Posteriormente, se creó una empresa conjunta en la que Enagás tiene 50% de la propiedad, NaTran el 33,3% y Teréga el 16,7% restante. La empresa tiene sede en el sur de Francia.
Hidrógeno verde, clave en la deseada descarbonización del planeta

El hidrógeno verde se postula como uno de los candidatos más fuertes para colaborar en la deseada descarbonización del planeta, especialmente, de aquellos sectores en los que la electrificación es más difícil, como, por ejemplo, el transporte terrestre de vehículos pesados o marítimo.
Este elemento se obtiene mediante el uso de energías renovables en su producción, lo que lo convierte en un combustible limpio, sostenible y con un índice de contaminación cero que puede ser clave no solo como vector energético, sino como materia prima.

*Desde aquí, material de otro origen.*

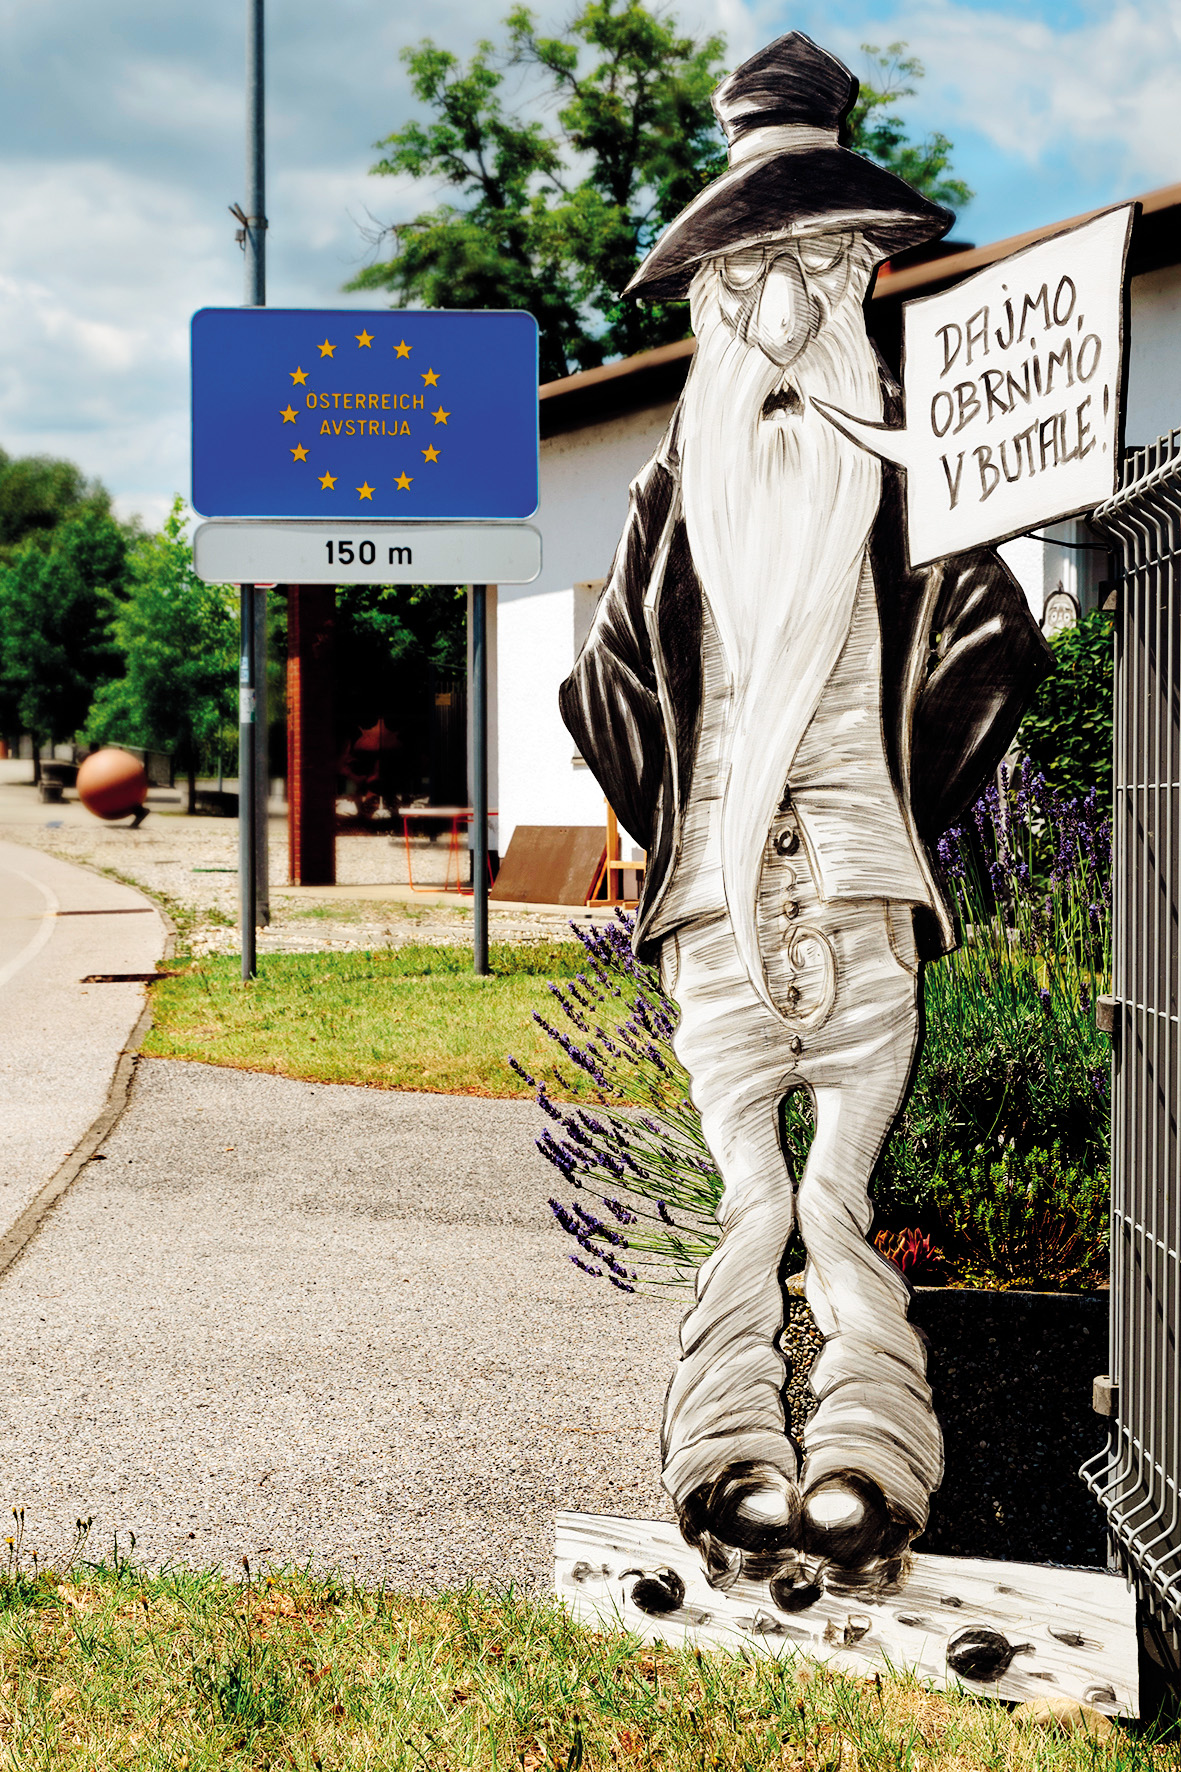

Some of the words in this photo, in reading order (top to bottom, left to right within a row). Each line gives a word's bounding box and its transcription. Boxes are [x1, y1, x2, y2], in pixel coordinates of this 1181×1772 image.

[930, 333, 1102, 439] OBRNIMO
[319, 419, 411, 436] AVSTRIJA
[938, 451, 966, 511] V
[325, 540, 376, 565] 150
[388, 546, 412, 565] m

El hidrógeno renovable se consigue a través de un proceso químico llamado electrólisis, impulsada con energías renovables como la eólica o la solar. Dicho proceso consiste en utilizar una corriente eléctrica para descomponer la molécula del agua en oxígeno e hidrógeno, mediante electrodos.
El gran valor del hidrógeno verde para que la descarbonización del planeta sea más rápida reside en su capacidad para sustituir a los combustibles fósiles en aquellos sectores y usos en los que la electrificación es más difícil de alcanzar, además de su potencial como sistema de almacenamiento de energía.